**TASK PROMPT:**
Once the pictures are removed, restate the data below word for word.

**TASK DATA:**
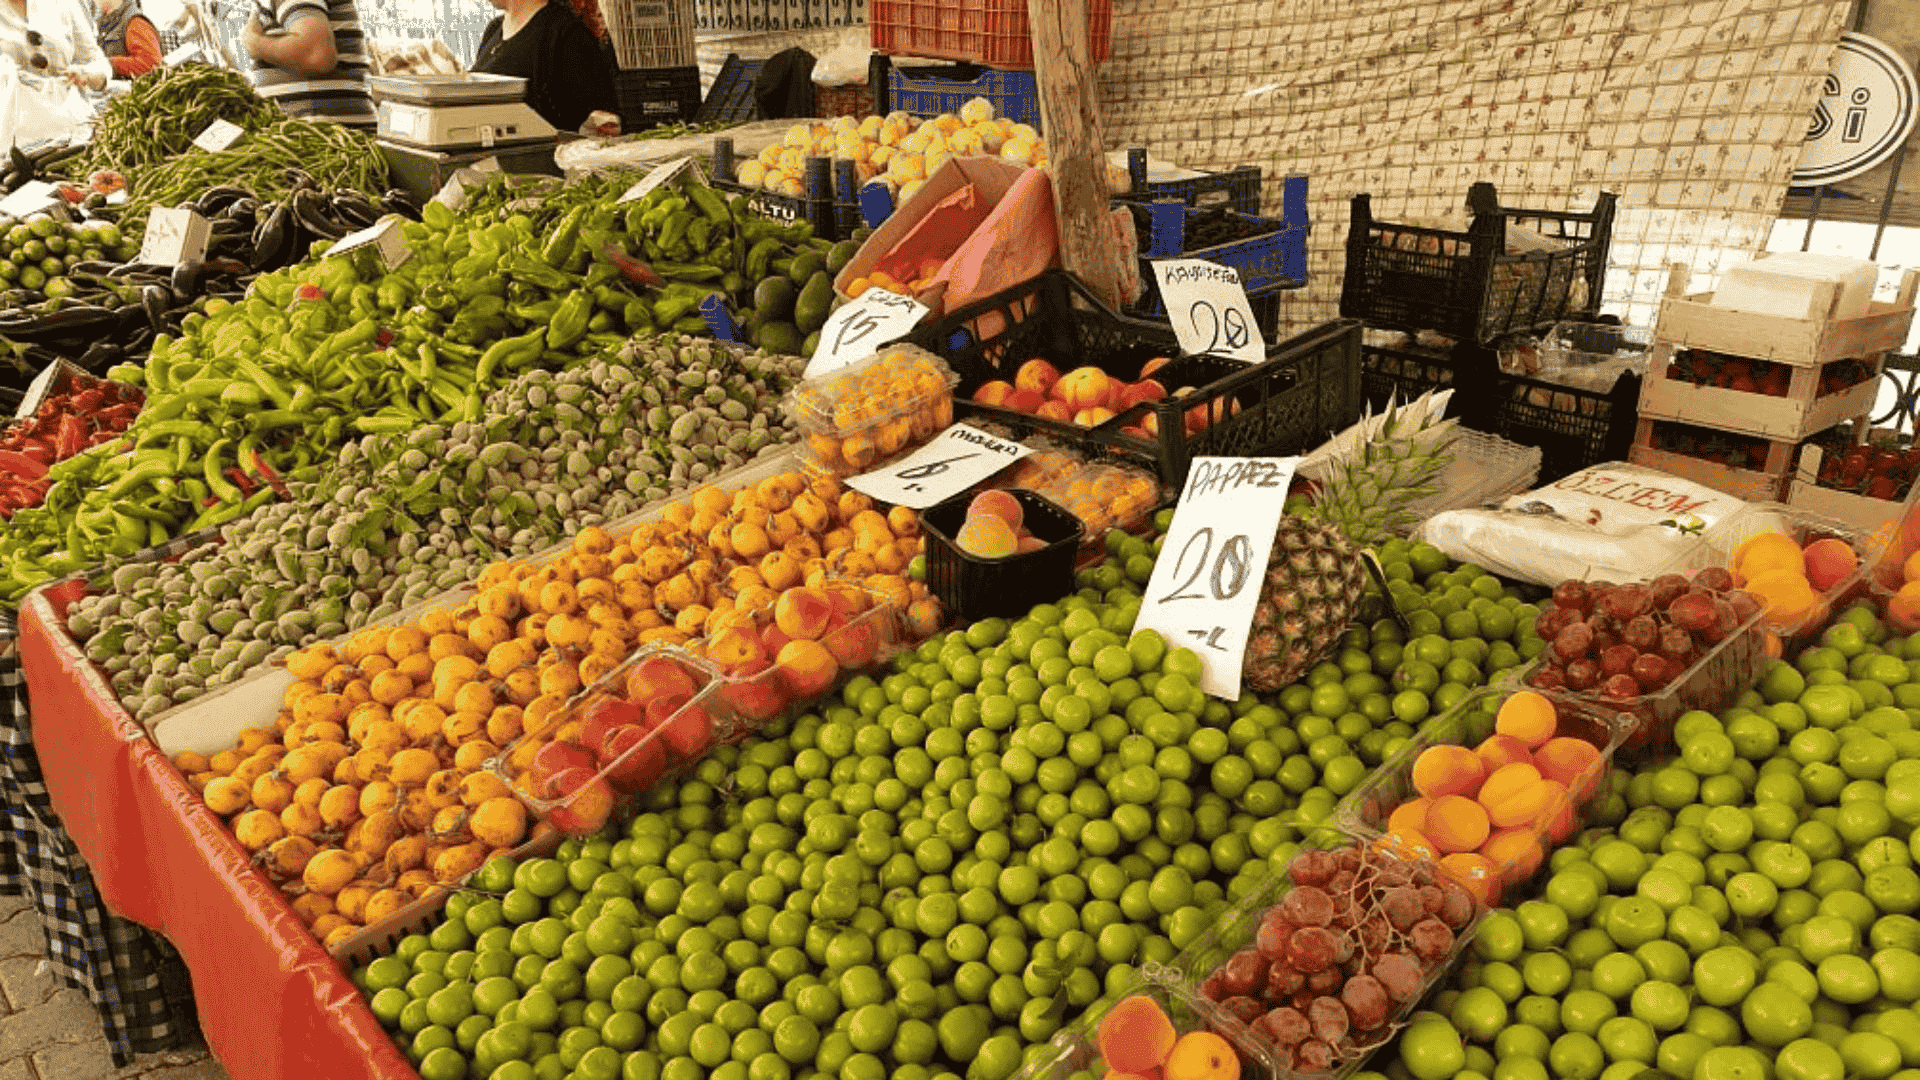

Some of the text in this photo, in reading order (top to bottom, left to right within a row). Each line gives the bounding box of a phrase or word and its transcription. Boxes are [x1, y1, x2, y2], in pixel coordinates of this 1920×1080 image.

[831, 308, 890, 356] 15
[1190, 300, 1249, 354] 20
[1157, 526, 1254, 605] 20
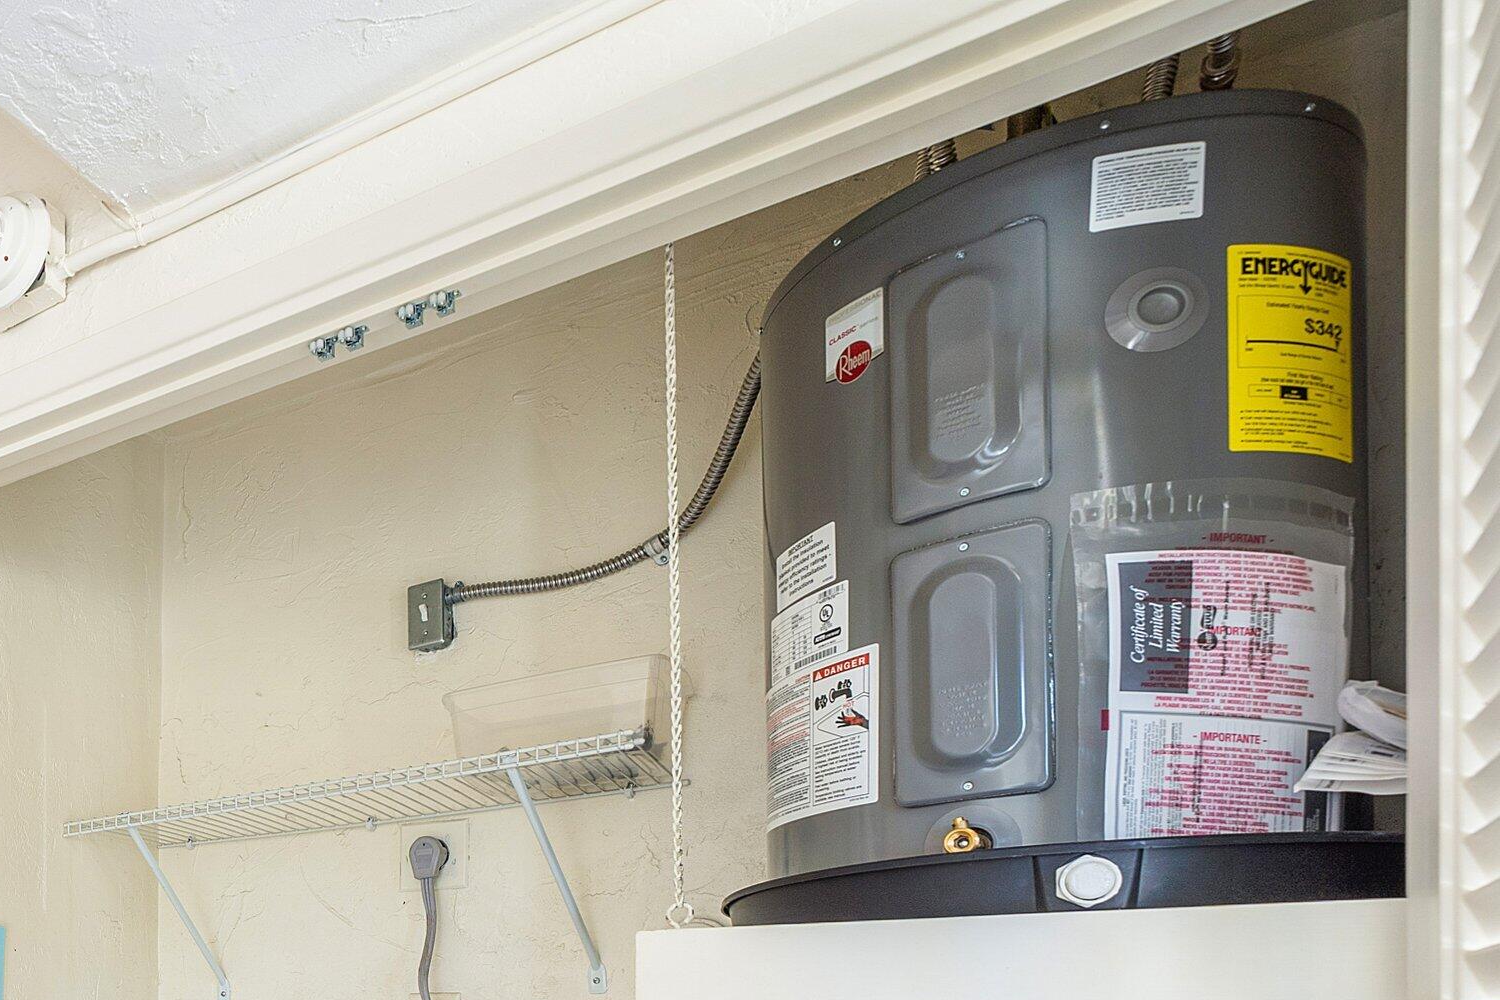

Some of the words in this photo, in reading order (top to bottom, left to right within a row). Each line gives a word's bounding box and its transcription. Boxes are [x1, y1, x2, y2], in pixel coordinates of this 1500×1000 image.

[1241, 256, 1348, 288] ENERGYGUIDE
[828, 325, 857, 346] CLASSIC
[1304, 318, 1342, 341] $342
[839, 345, 871, 380] Rheem
[1210, 532, 1267, 544] IMPORTANT
[1129, 585, 1149, 601] of
[1130, 602, 1149, 663] Certificate
[1149, 602, 1164, 649] Limited
[1166, 599, 1186, 653] Warranty
[824, 656, 866, 677] DANGER
[1200, 731, 1261, 745] IMPORTANTE

**YOUR RESPONSE:**
Some of the text in this photo, in reading order (top to bottom, left to right within a row). Each line gives the bounding box of a phrase or word and its transcription. Boxes are [x1, y1, x2, y2], in pixel coordinates of this 1920×1080 image.

[831, 308, 890, 356] 15
[1190, 300, 1249, 354] 20
[1157, 526, 1254, 605] 20

Some of the words in this photo, in reading order (top to bottom, left to right within a row). Each line gives a word's bounding box and its transcription. Boxes are [x1, y1, x2, y2], in pixel coordinates of this 1500×1000 image.

[1241, 256, 1348, 288] ENERGYGUIDE
[828, 325, 857, 346] CLASSIC
[1304, 318, 1342, 341] $342
[839, 345, 871, 380] Rheem
[1210, 532, 1267, 544] IMPORTANT
[1129, 585, 1149, 601] of
[1130, 602, 1149, 663] Certificate
[1149, 602, 1164, 649] Limited
[1166, 599, 1186, 653] Warranty
[824, 656, 866, 677] DANGER
[1200, 731, 1261, 745] IMPORTANTE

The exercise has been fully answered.